= Beginning of Section =

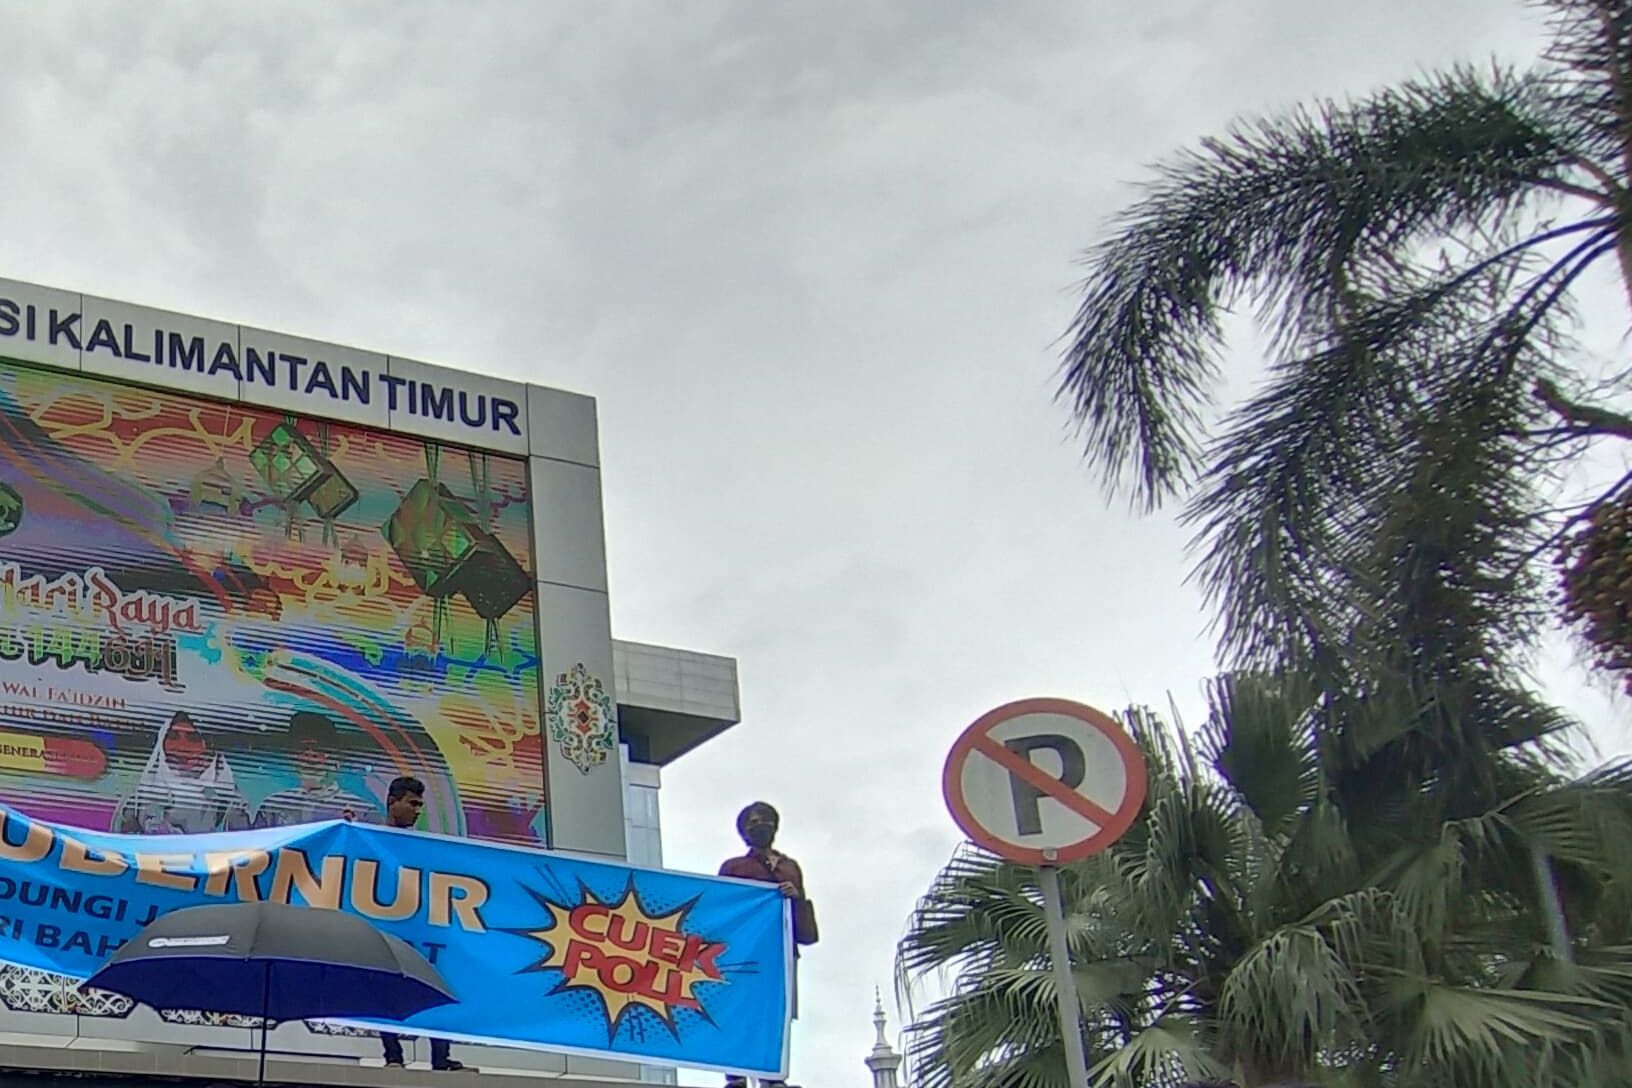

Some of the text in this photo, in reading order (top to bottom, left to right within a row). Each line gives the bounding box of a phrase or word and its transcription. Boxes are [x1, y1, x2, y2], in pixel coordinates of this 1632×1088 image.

[48, 308, 370, 405] KALIMANTAN
[378, 373, 523, 437] TIMUR
[88, 570, 202, 635] Raya
[1004, 734, 1086, 836] P
[563, 939, 700, 1009] POLL
[569, 903, 727, 980] CUEK
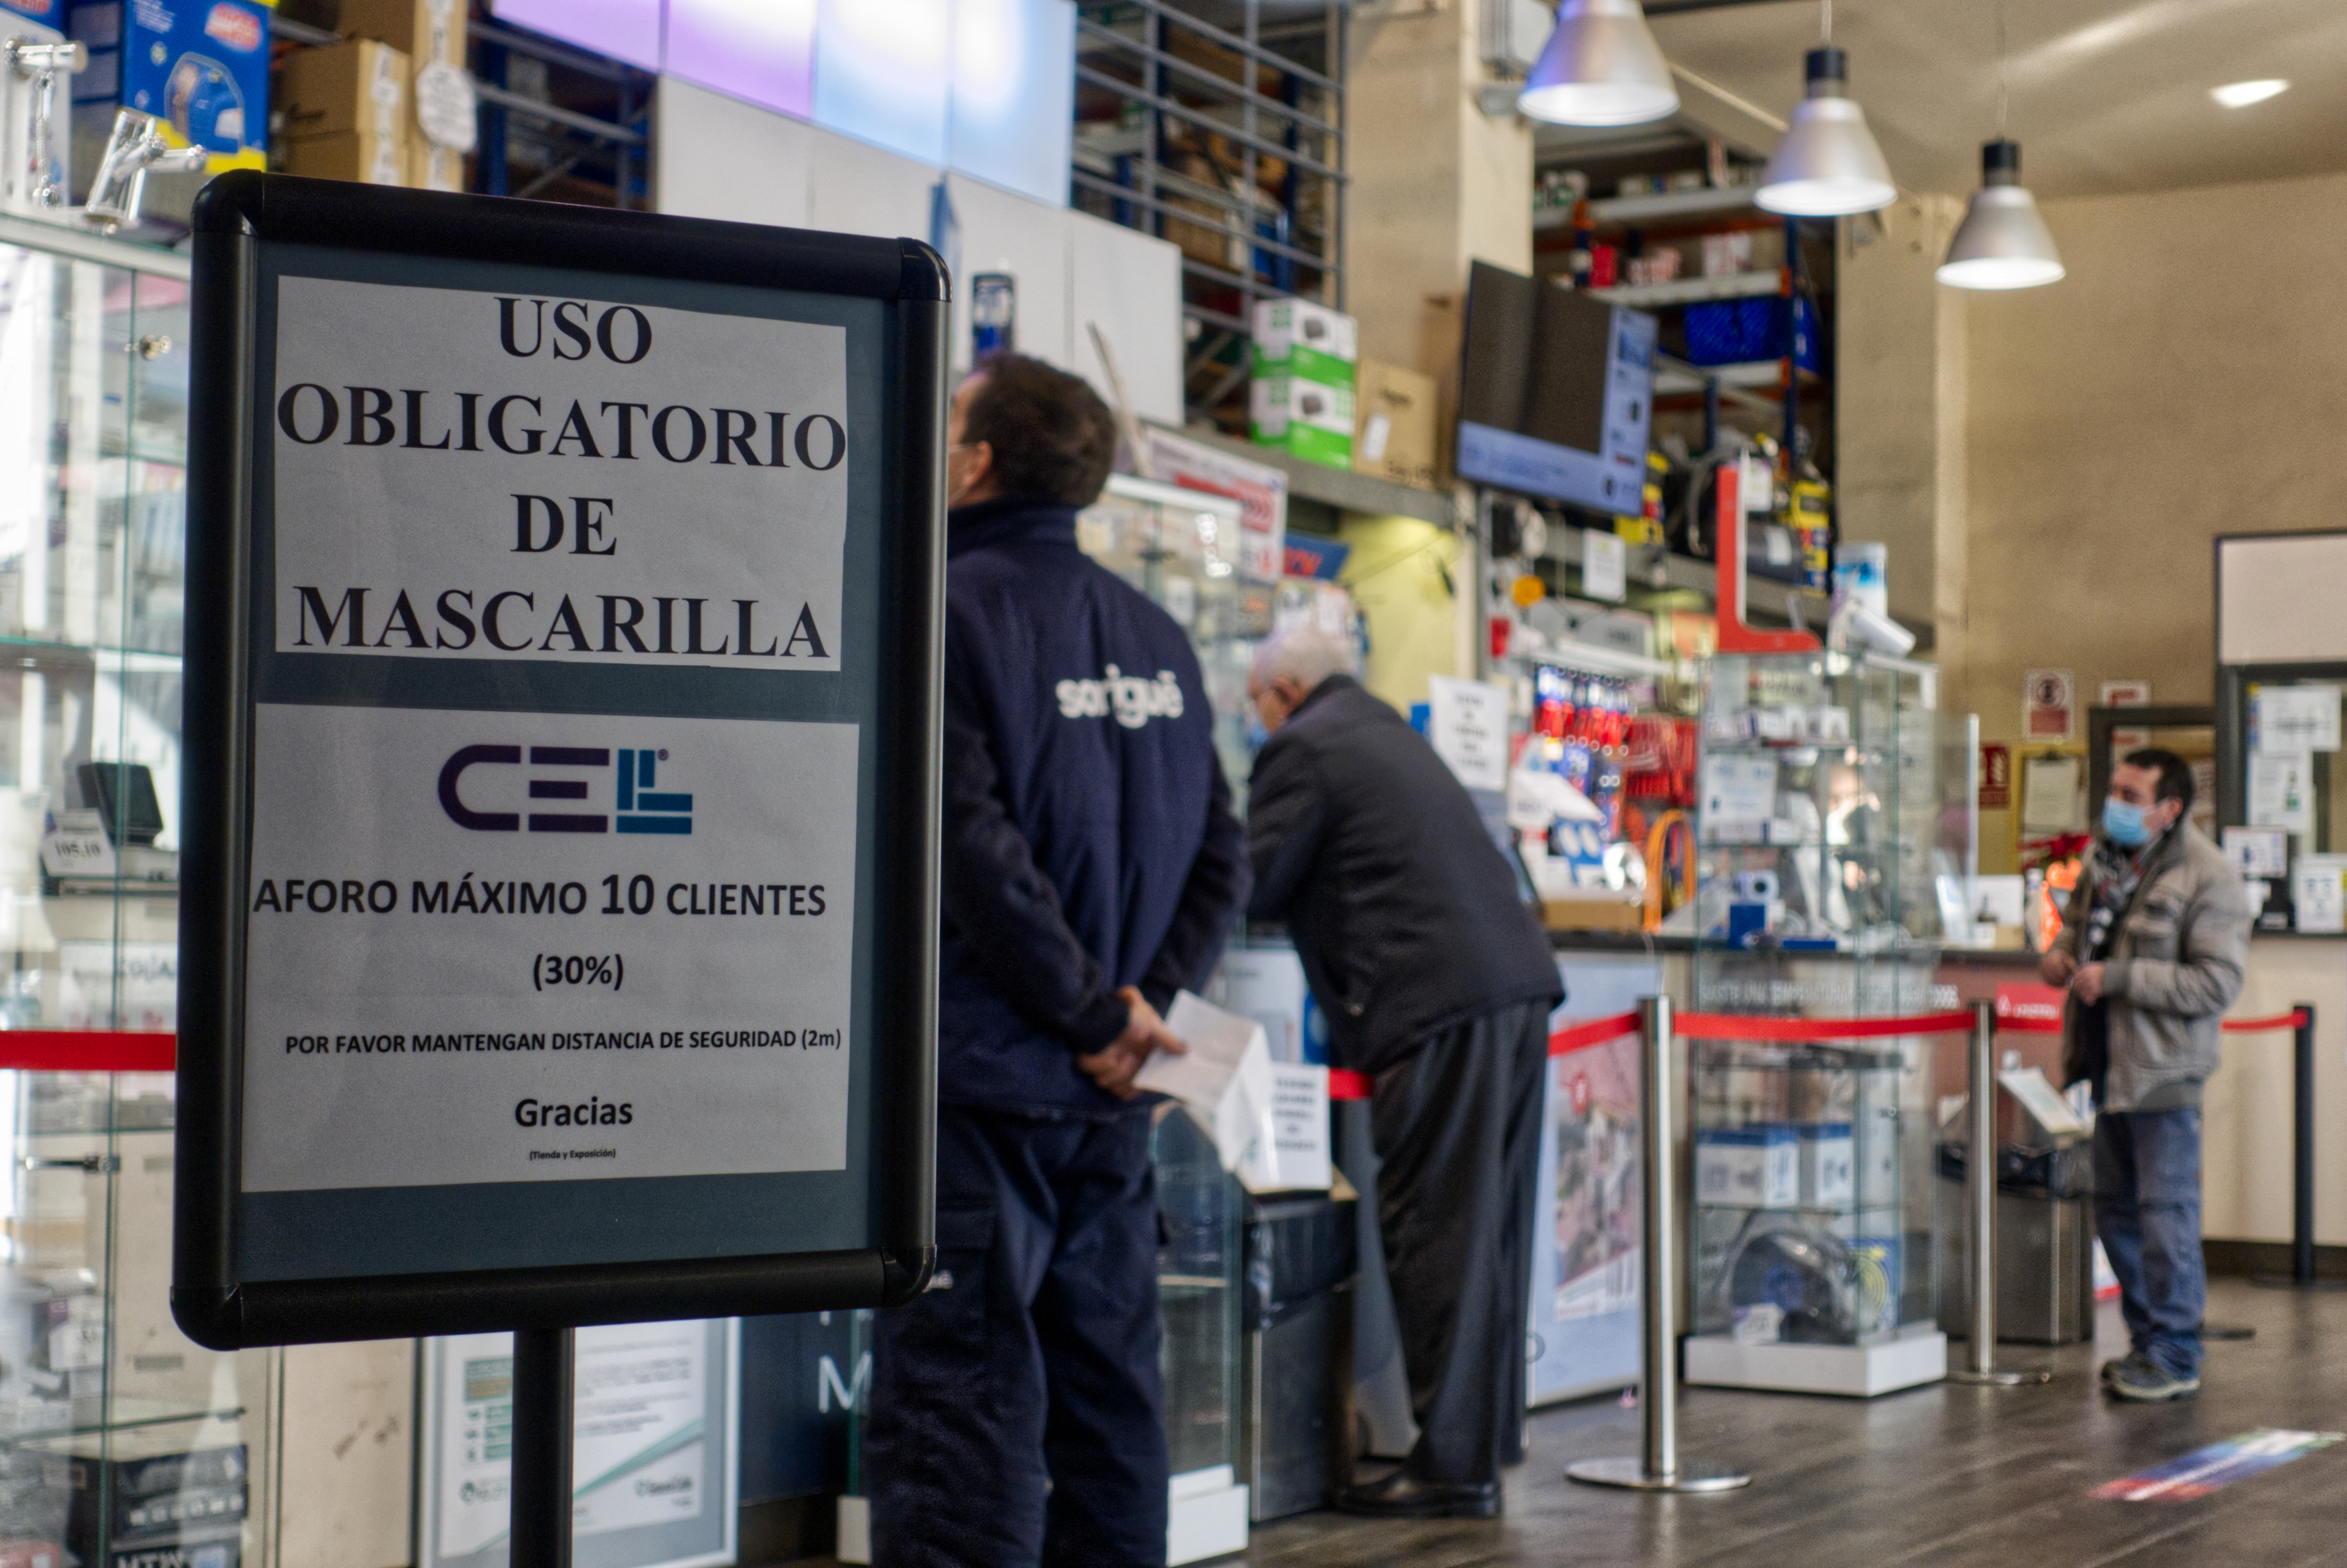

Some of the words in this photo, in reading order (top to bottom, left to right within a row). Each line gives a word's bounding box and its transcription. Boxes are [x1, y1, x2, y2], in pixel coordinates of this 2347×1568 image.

[494, 296, 653, 364] USO
[277, 383, 847, 471] OBLIGATORIO
[510, 493, 617, 556] DE
[293, 586, 831, 659] MASCARILLA
[252, 878, 398, 914] AFORO
[411, 872, 587, 915] MÁXIMO
[601, 874, 655, 916] 10
[666, 883, 826, 916] CLIENTES
[533, 954, 624, 992] (30%)
[286, 1036, 329, 1055] POR
[336, 1034, 406, 1053] FAVOR
[412, 1033, 545, 1053] MANTENGAN
[551, 1031, 654, 1051] DISTANCIA
[660, 1031, 684, 1049] DE
[689, 1030, 796, 1049] SEGURIDAD
[801, 1029, 842, 1050] (2m)
[514, 1096, 633, 1128] Gracias
[529, 1151, 561, 1161] (Tienda
[562, 1152, 568, 1160] y
[570, 1148, 616, 1159] Exposición)

= End of Section =

● **REQUIRED WORK**
Word for word, restate all of the entries above and leave each picture out.

● **REPLY**
Some of the text in this photo, in reading order (top to bottom, left to right within a row). Each line gives the bounding box of a phrase or word and its transcription. Boxes are [x1, y1, x2, y2], in pixel coordinates of this 1632×1088 image.

[48, 308, 370, 405] KALIMANTAN
[378, 373, 523, 437] TIMUR
[88, 570, 202, 635] Raya
[1004, 734, 1086, 836] P
[563, 939, 700, 1009] POLL
[569, 903, 727, 980] CUEK

Some of the words in this photo, in reading order (top to bottom, left to right within a row). Each line gives a word's bounding box and its transcription. Boxes are [x1, y1, x2, y2], in pixel coordinates of this 2347×1568 image.

[494, 296, 653, 364] USO
[277, 383, 847, 471] OBLIGATORIO
[510, 493, 617, 556] DE
[293, 586, 831, 659] MASCARILLA
[252, 878, 398, 914] AFORO
[411, 872, 587, 915] MÁXIMO
[601, 874, 655, 916] 10
[666, 883, 826, 916] CLIENTES
[533, 954, 624, 992] (30%)
[286, 1036, 329, 1055] POR
[336, 1034, 406, 1053] FAVOR
[412, 1033, 545, 1053] MANTENGAN
[551, 1031, 654, 1051] DISTANCIA
[660, 1031, 684, 1049] DE
[689, 1030, 796, 1049] SEGURIDAD
[801, 1029, 842, 1050] (2m)
[514, 1096, 633, 1128] Gracias
[529, 1151, 561, 1161] (Tienda
[562, 1152, 568, 1160] y
[570, 1148, 616, 1159] Exposición)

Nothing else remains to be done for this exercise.